Alan Sippy

Personal information
- Full name: Alan Nanik Sippy
- Born: 7 February 1962 (age 64) Bombay, Maharashtra, India
- Batting: Left-handed
- Bowling: Slow left-arm
- Role: Batsman

Domestic team information
- 1984/85–1990/91: Bombay

Career statistics
| Competition | FC | LA |
| Matches | 27 | 7 |
| Runs scored | 1284 | 279 |
| Batting average | 49.38 | 55.80 |
| 100s/50s | 5/5 | 0/3 |
| Top score | 138 | 90 |
| Balls bowled | 555 | 24 |
| Wickets | 7 | 0 |
| Bowling average | 46.14 | – |
| 5 wickets in innings | 0 | – |
| 10 wickets in match | 0 | – |
| Best bowling | 3/33 | – |
| Catches/stumpings | 16/– | 4/– |
- Source: ESPNcricinfo, 12 August 2022

= Alan Sippy =

Indian cricketer

Alan Nanik Sippy (born 7 February 1962) is a former Indian cricketer who played first-class and List A cricket for Bombay between 1984 and 1991. He was Sachin Tendulkar's first batting partner in first-class cricket. He is now a businessman in India.

==Career==
A left-handed batsman and occasional slow left-arm spin bowler, Sippy was the outstanding batsman in the 50-over Wills Trophy in 1985–86, scoring 55, 51 and then 90 in the final, which Bombay won by one wicket. The highest of his five first-class centuries was 138 for Bombay against Baroda in the 1989–90 Ranji Trophy.

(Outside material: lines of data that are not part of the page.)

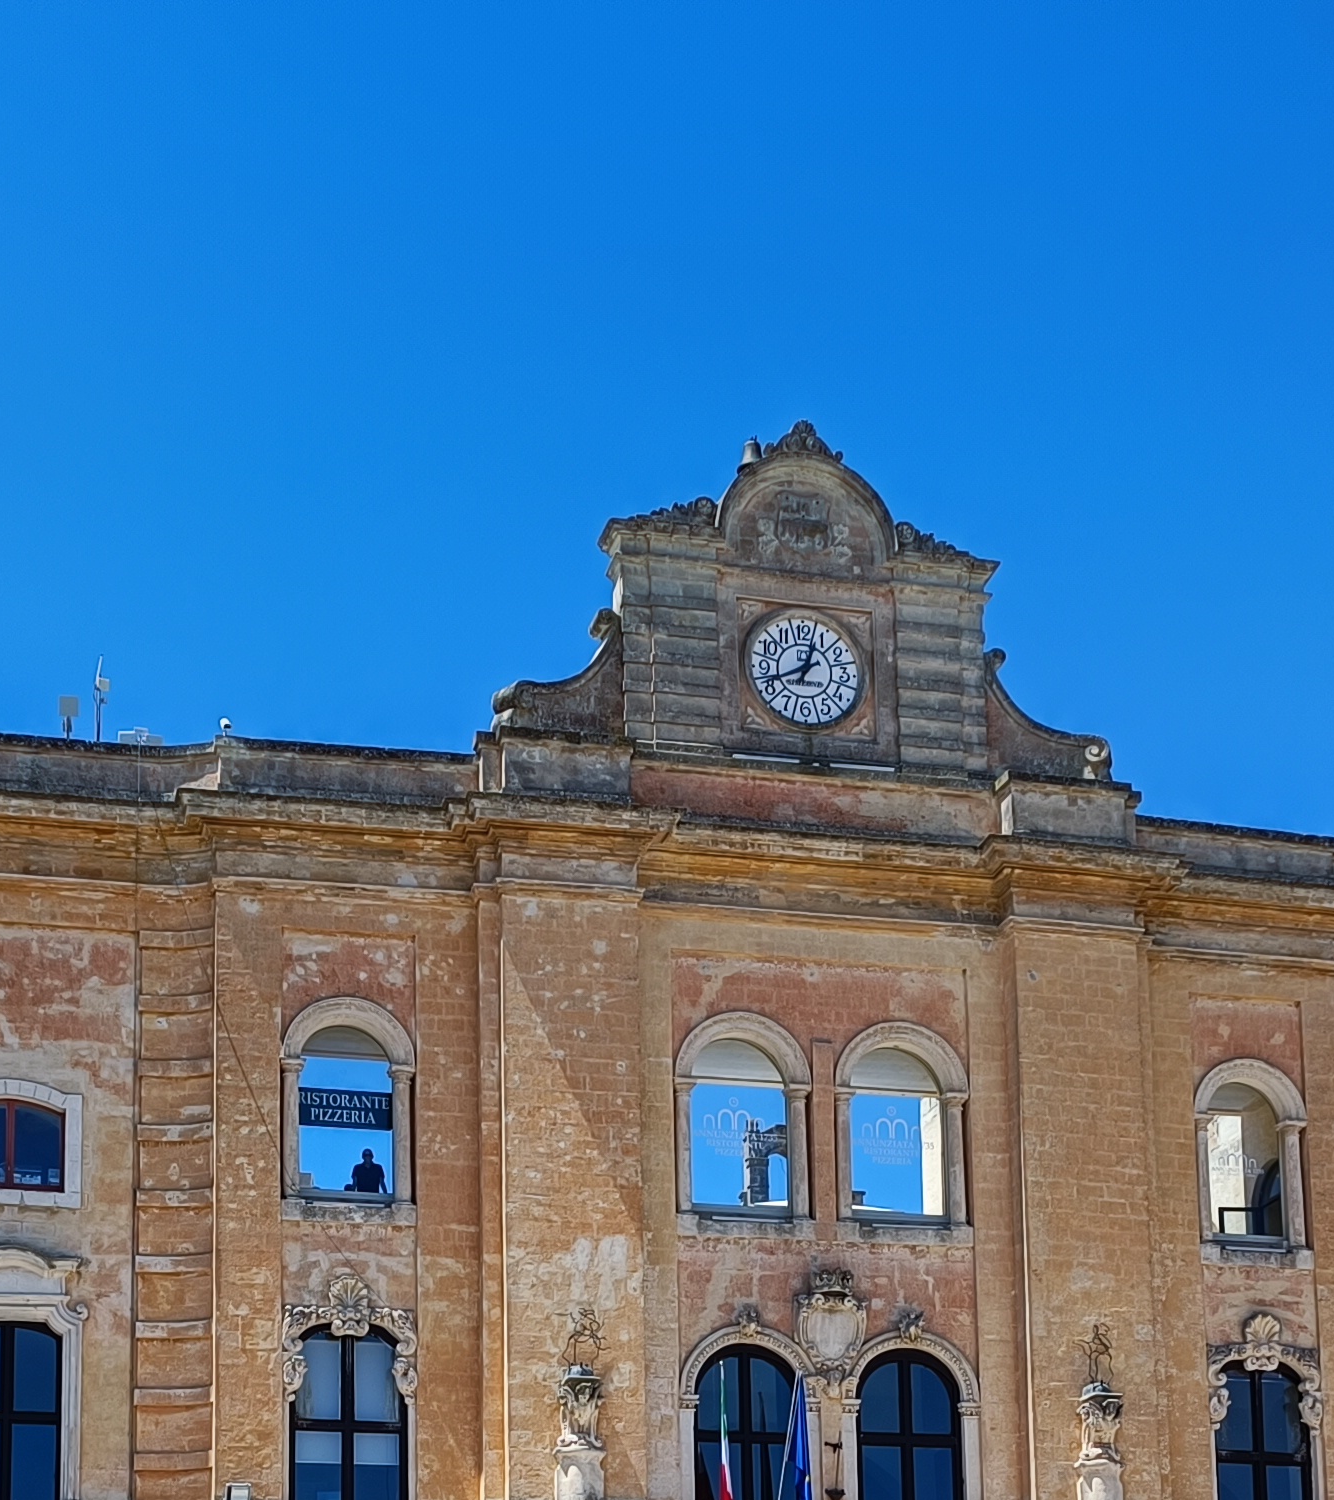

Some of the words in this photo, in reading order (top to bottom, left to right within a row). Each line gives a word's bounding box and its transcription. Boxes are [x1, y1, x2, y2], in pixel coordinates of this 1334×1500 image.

[778, 627, 789, 644] 11
[795, 624, 811, 641] 12
[818, 632, 825, 649] 1
[761, 639, 778, 656] 10
[832, 646, 843, 662] 2
[758, 659, 771, 675] 9
[838, 666, 851, 683] 3
[764, 679, 776, 695] 8
[832, 685, 843, 702] 4
[781, 694, 792, 711] 7
[799, 701, 812, 717] 6
[820, 698, 832, 715] 5
[299, 1092, 390, 1110] RISTORANTE
[310, 1107, 377, 1124] PIZZERIA
[871, 1155, 913, 1166] PIZZERIA
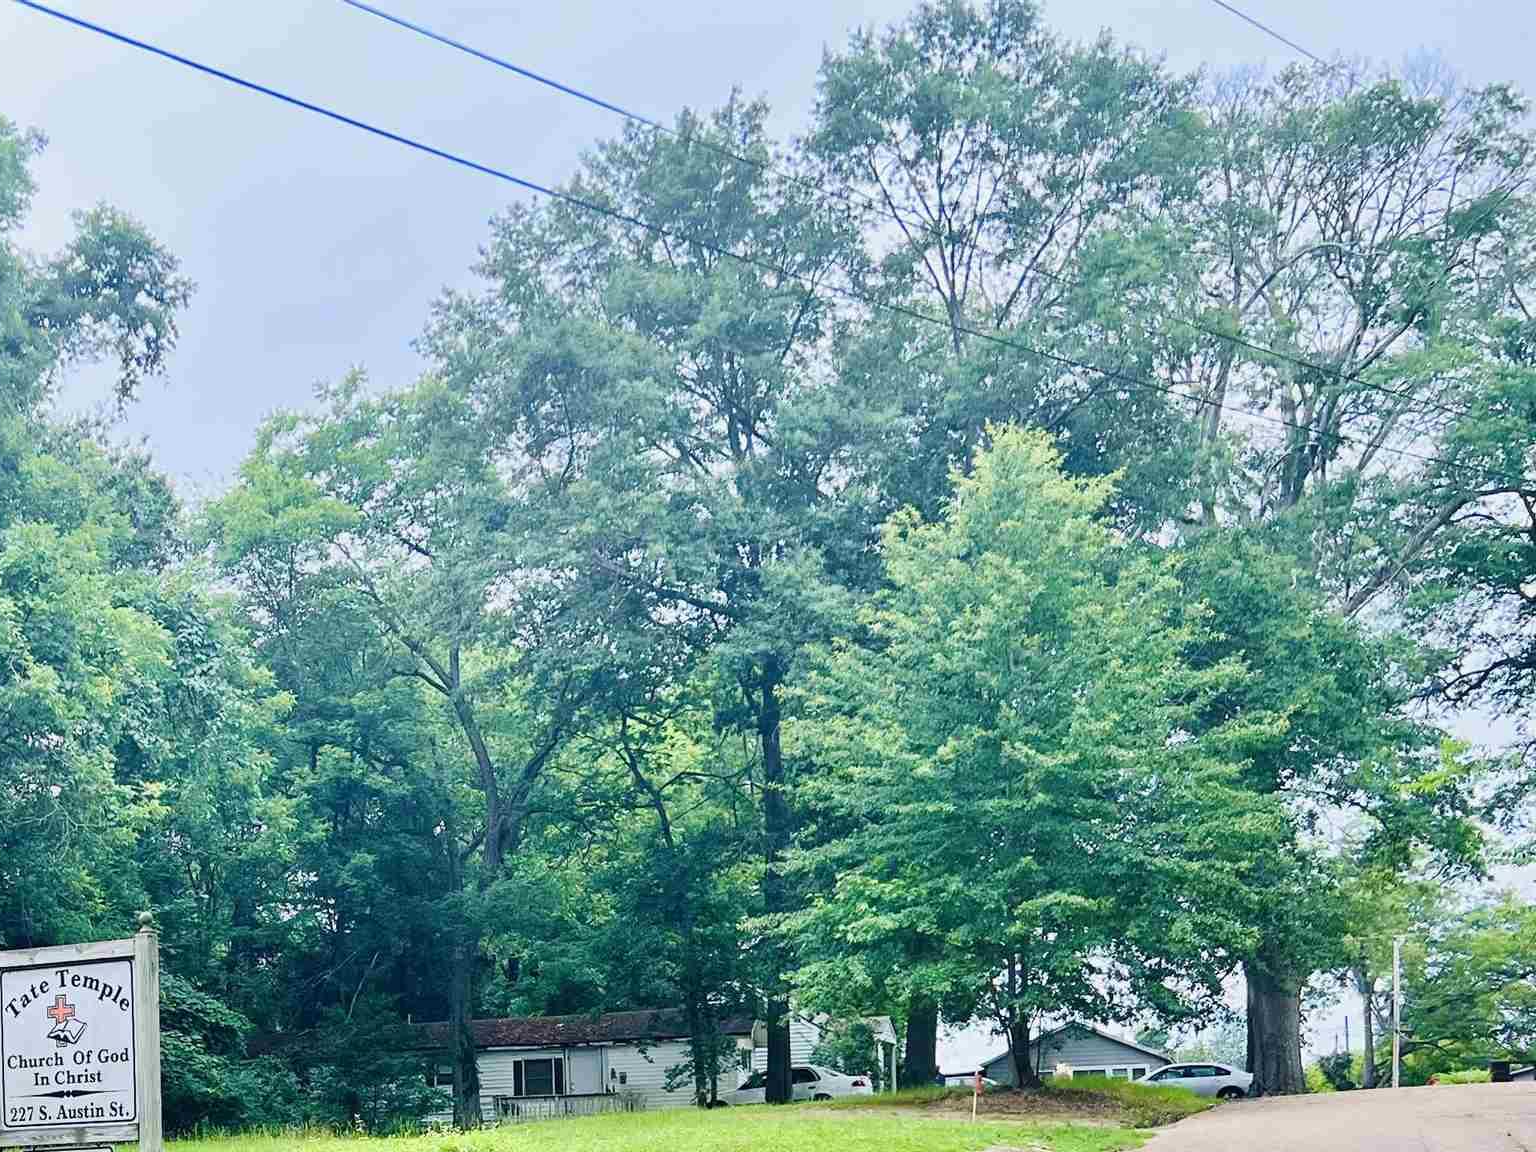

Sippy was in the Bombay team when Sachin Tendulkar made his first-class debut at the age of 15 in the Ranji Trophy match between Bombay and Gujarat in December 1988. Sippy, batting at number three, added 159 for the second wicket with Lalchand Rajput before Rajput was run out for 99, bringing Tendulkar to the wicket. Sippy and Tendulkar then added 155 before Sippy was out for 127, and Tendulkar went on to make 100 not out.

Sippy is an executive director of Samira Habitats, a lifestyle infrastructure and property development company in India.